MBAE has called for a robust statewide educator-evaluation system to produce valuable data and achieve efficiencies in training and implementation, weeding out or remediating ineffective teachers and rewarding effective ones.
The MTA, while protective of its members’ rights and of the collective bargaining process, has supported participation in Race to the Top and issued a report acknowledging the need for an improved educator evaluation system with a student performance component.
MBAE and MTA both participate, along with AIM and other groups, in the Working Group for Educator Excellence, which advocates for a research-based approach to professional teaching.
Educator evaluation is a hot issue – hot in terms of both urgency and controversy. Recent reports highlight the inadequacy (and sometimes absence) of evaluation in our schools, even at the point of tenure; the irrelevance of seniority and advanced degrees, the factors currently rewarded in compensation systems, as measures of effectiveness; and the lack of support for teachers seeking to improve their skills. The costs of sub-par teaching are estimated in the trillions of dollars. Race to the Top and other federal initiatives compel development of evaluations based in part on student achievement, and compensation reform lurks in the background.
Both Noonan and Toner served on the Department of Elementary and Secondary Education’s Task Force on Educator Evaluation. Toner voted for the commission’s just-released report; Noonan did not, primarily because she considers the report too weak on the issue of including student achievement in teacher evaluation.
The most striking element of the discussion was the broad agreement between the two discussants on a range of key issues, offering substantial hope that meaningful progress is possible. There are evident differences, but not diametric opposition on the most important points. The devil will surely be in the details, but they may well be susceptible to negotiation and resolution.
The Education Reform Act of 1993 focused on inputs (funding), outputs (student achievement – MCAS) and to some extent leadership (strengthening administrative autonomy), treating the classroom itself as a “black box.” The subsequent years have brought increasing awareness of the centrality of teaching, and teachers, to educational effectiveness.

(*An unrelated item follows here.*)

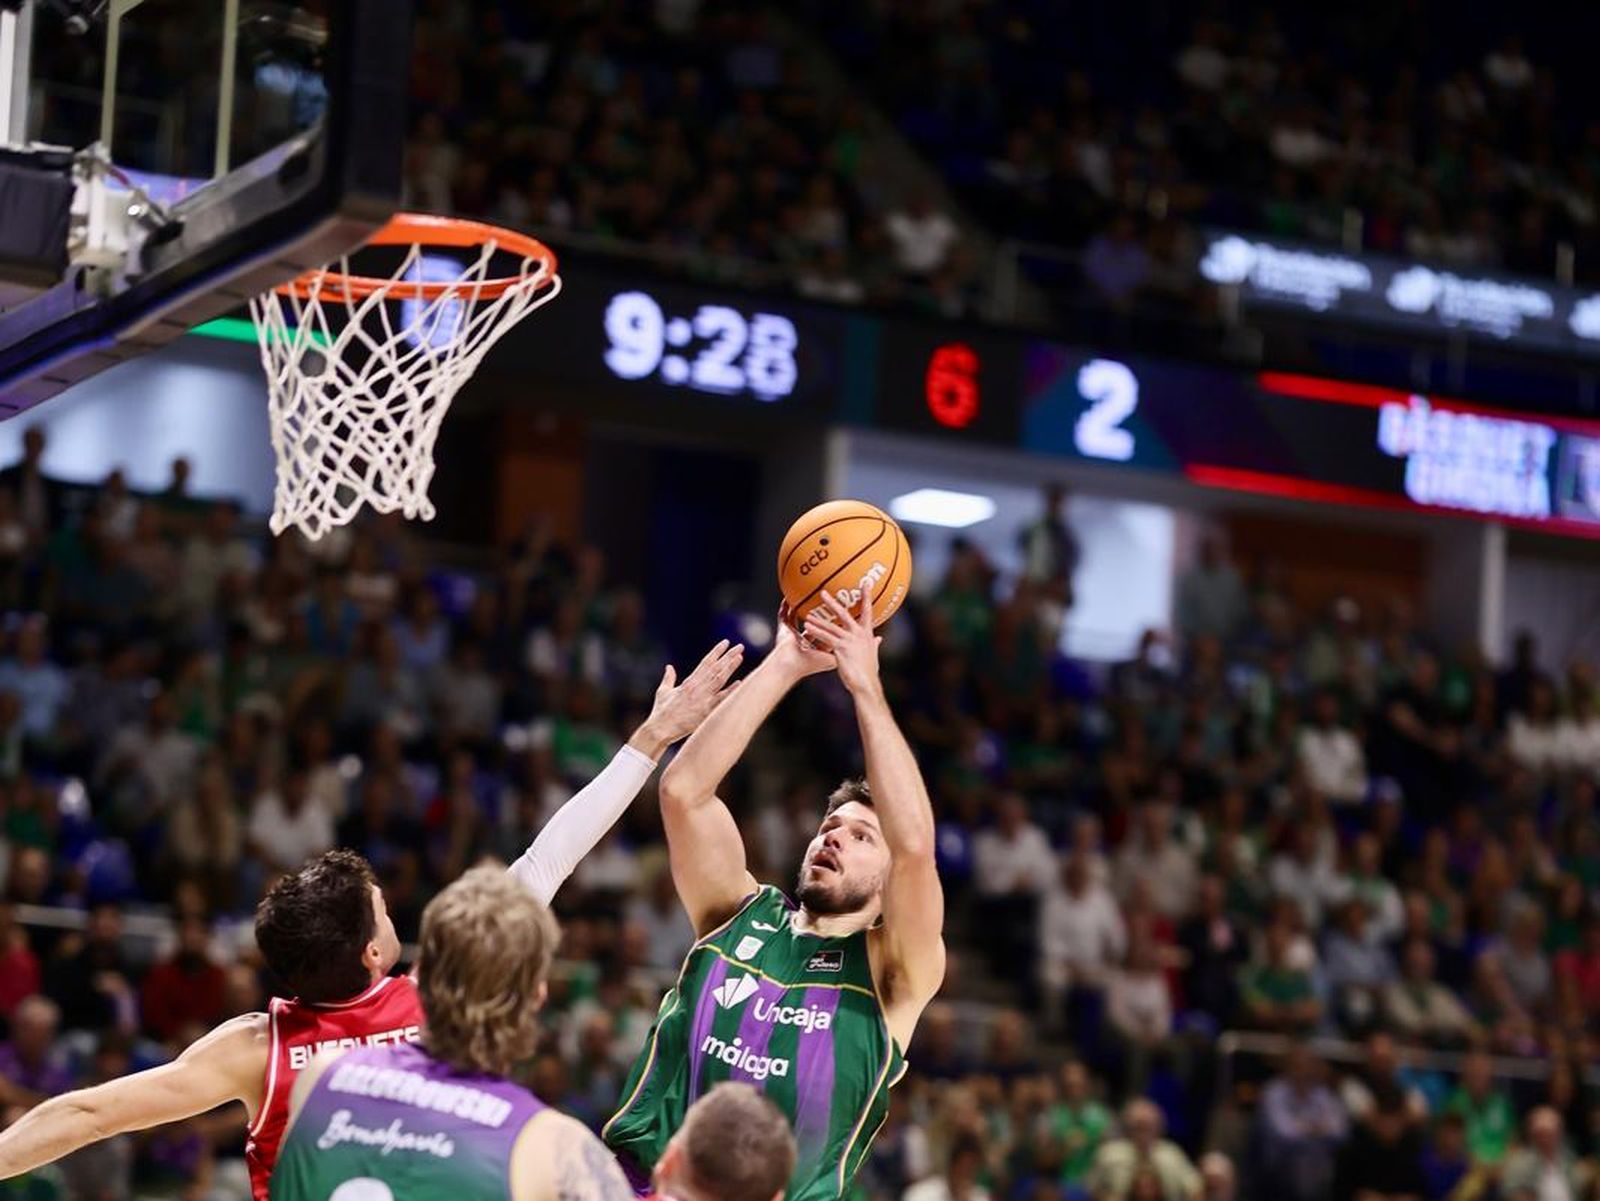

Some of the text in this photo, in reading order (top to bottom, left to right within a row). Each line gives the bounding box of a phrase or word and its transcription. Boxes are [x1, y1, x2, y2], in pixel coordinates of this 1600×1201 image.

[925, 342, 980, 429] 6
[1074, 358, 1138, 462] 2
[800, 549, 829, 576] acb
[753, 997, 831, 1034] Uncaja
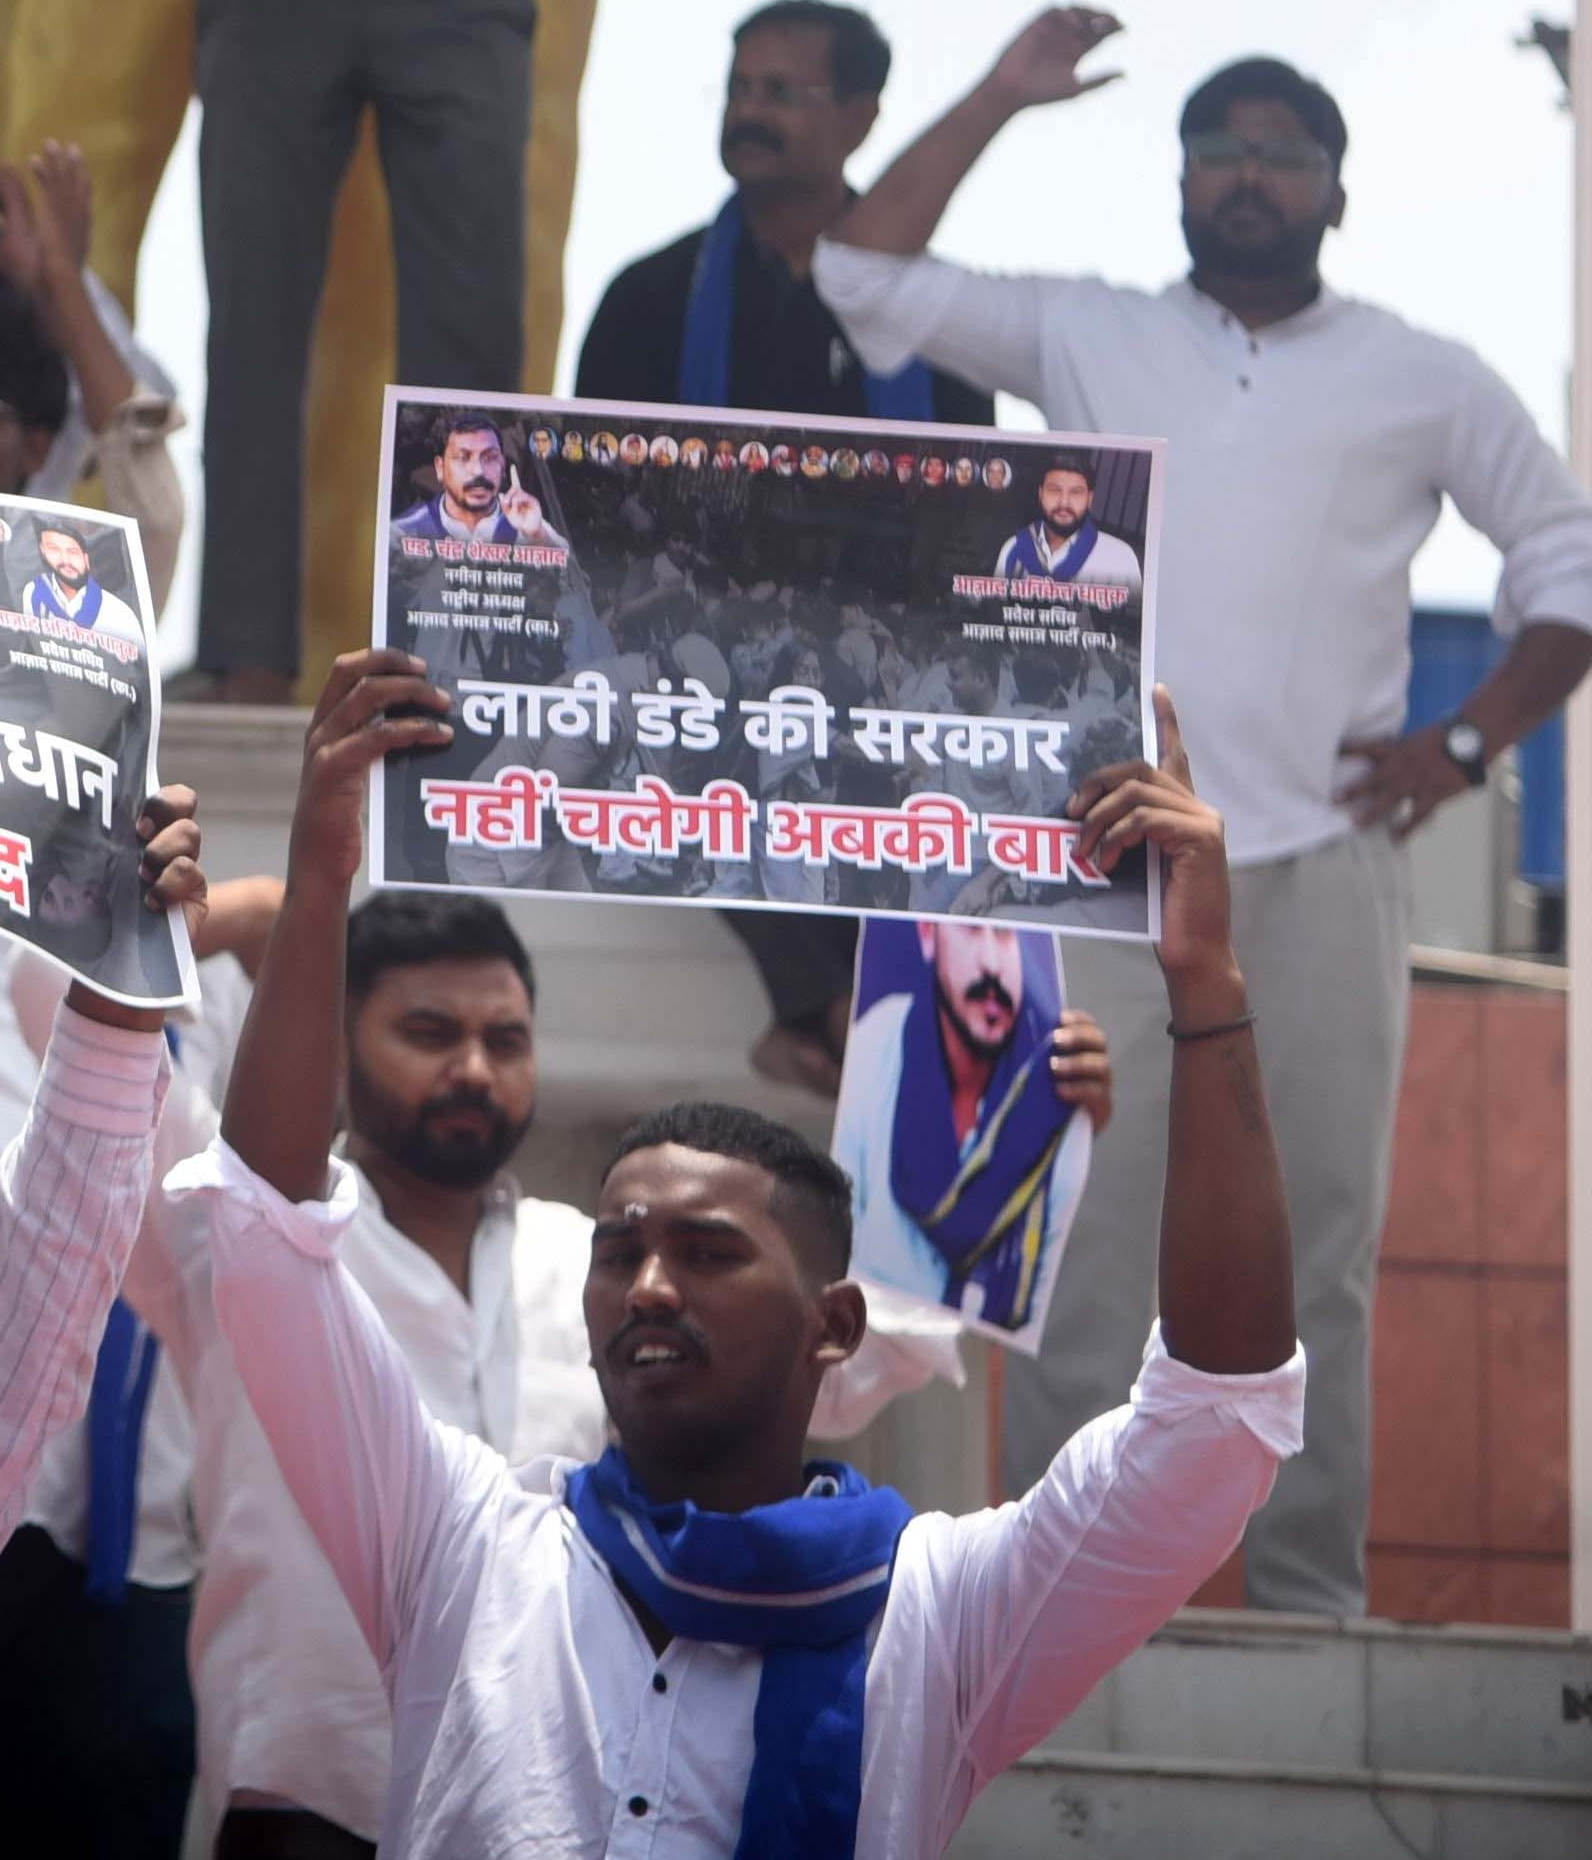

The time is right to develop and implement statewide evaluation system closely tied to ever-improving measures of student achievement. Because those measures are still evolving, and districts are starting in different places, and credibility takes time to build, this is not something that can be done overnight. There will have to be extensive negotiations, in which teachers (and their organizations) must be participants. Some important issues, notably ties to compensation, may come later. But an agreed-upon foundation for meaningful and much-needed reform appears to be in place.